Todos los signos esenciales de la ordenación sacerdotal son, en el fondo, manifestaciones de esa palabra:
la imposición de las manos; la entrega del libro, de su Palabra, que él nos encomienda; la entrega del cáliz, con el que nos
transmite su misterio más profundo y personal. De todo ello forma parte también el poder de absolver: nos hace participar
también en su conciencia de la miseria del pecado y de toda la oscuridad del mundo, y pone en nuestras manos la llave para
abrir la puerta de la casa del Padre.
Ya no os llamo siervos, sino amigos. Este es el significado profundo del ser sacerdote: llegar a ser
amigo de Jesucristo. Por esta amistad debemos comprometernos cada día de nuevo. Amistad significa comunión de pensamiento y
de voluntad. En esta comunión de pensamiento con Jesús debemos ejercitarnos, como nos dice san Pablo en la carta a los
Filipenses (cf. Flp 2, 2-5). Y esta comunión de pensamiento no es algo meramente intelectual, sino también una comunión de
sentimientos y de voluntad, y por tanto también del obrar. Eso significa que debemos conocer a Jesús de un modo cada vez
más personal, escuchándolo, viviendo con él, estando con él. Debemos escucharlo en la lectio divina, es decir, leyendo la
sagrada Escritura de un modo no académico, sino espiritual. Así aprendemos a encontrarnos con el Jesús presente que nos
habla. Debemos razonar y reflexionar, delante de él y con él, en sus palabras y en su manera de actuar. La lectura de la
sagrada Escritura es oración, debe ser oración, debe brotar de la oración y llevar a la oración.

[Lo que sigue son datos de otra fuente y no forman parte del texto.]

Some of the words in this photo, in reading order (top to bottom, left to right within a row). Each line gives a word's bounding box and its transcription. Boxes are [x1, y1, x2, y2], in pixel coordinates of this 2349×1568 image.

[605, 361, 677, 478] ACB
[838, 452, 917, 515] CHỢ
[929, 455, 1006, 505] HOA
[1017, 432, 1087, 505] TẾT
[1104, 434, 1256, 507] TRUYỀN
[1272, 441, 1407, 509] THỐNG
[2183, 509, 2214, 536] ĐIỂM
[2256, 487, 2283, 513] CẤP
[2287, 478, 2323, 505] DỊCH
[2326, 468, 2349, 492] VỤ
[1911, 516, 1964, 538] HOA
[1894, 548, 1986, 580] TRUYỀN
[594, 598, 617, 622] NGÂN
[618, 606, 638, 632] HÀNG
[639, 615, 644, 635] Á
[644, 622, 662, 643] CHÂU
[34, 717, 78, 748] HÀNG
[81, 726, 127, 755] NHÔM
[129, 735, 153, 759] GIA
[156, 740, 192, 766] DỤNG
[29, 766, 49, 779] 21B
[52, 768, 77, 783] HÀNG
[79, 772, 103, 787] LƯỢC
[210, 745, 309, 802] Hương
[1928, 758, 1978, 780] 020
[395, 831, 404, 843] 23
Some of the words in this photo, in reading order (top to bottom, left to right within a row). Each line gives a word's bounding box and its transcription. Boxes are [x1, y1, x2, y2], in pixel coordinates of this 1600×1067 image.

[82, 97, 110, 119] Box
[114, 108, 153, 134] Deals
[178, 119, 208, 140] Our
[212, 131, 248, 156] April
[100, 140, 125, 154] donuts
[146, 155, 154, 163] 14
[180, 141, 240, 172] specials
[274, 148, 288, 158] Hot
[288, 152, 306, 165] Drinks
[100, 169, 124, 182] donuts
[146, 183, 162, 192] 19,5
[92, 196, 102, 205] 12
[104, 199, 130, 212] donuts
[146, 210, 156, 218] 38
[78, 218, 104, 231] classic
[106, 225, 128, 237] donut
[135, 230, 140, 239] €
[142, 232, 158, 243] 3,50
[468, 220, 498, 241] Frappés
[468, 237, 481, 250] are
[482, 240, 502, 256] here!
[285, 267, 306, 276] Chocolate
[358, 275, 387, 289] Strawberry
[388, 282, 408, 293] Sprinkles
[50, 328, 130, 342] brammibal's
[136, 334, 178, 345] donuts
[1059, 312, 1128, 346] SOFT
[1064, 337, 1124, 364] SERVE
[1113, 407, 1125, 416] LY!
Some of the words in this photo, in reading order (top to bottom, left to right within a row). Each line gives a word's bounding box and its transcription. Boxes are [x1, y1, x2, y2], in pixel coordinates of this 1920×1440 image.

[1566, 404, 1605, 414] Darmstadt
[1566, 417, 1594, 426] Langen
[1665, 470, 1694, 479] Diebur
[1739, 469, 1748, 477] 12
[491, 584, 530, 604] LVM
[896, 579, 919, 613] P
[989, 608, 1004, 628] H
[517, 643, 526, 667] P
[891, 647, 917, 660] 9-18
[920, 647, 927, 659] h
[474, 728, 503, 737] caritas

Los evangelistas nos dicen que el Señor en muchas ocasiones -durante noches enteras- se retiraba "al
monte" para orar a solas. También nosotros necesitamos retirarnos a ese "monte", el monte interior que debemos escalar, el
monte de la oración. Sólo así se desarrolla la amistad. Sólo así podemos desempeñar nuestro servicio sacerdotal; sólo así
podemos llevar a Cristo y su Evangelio a los hombres.
El simple activismo puede ser incluso heroico. Pero la actividad exterior, en resumidas cuentas, queda
sin fruto y pierde eficacia si no brota de una profunda e íntima comunión con Cristo. El tiempo que dedicamos a esto es realmente un tiempo de actividad pastoral, de actividad auténticamente pastoral. El sacerdote debe ser sobre todo un hombre de oración. El mundo, con su activismo frenético, a menudo pierde la orientación. Su actividad y sus capacidades resultan destructivas si fallan las fuerzas de la oración, de las que brotan las aguas de la vida capaces de fecundar la tierra árida.
Ya no os llamo siervos, sino amigos. El núcleo del sacerdocio es ser amigos de Jesucristo. Sólo así
podemos hablar verdaderamente in persona Christi, aunque nuestra lejanía interior de Cristo no puede poner en peligro la
validez del Sacramento. Ser amigo de Jesús, ser sacerdote significa, por tanto, ser hombre de oración. Así lo reconocemos y
salimos de la ignorancia de los simples siervos. Así aprendemos a vivir, a sufrir y a obrar con él y por él.
La amistad con Jesús siempre es, por antonomasia, amistad con los suyos. Sólo podemos ser amigos de
Jesús en la comunión con el Cristo entero, con la cabeza y el cuerpo; en la frondosa vid de la Iglesia, animada por su
Señor. Sólo en ella la sagrada Escritura es, gracias al Señor, palabra viva y actual. Sin la Iglesia, el sujeto vivo que
abarca todas las épocas, la Biblia se fragmenta en escritos a menudo heterogéneos y así se transforma en un libro del pasado.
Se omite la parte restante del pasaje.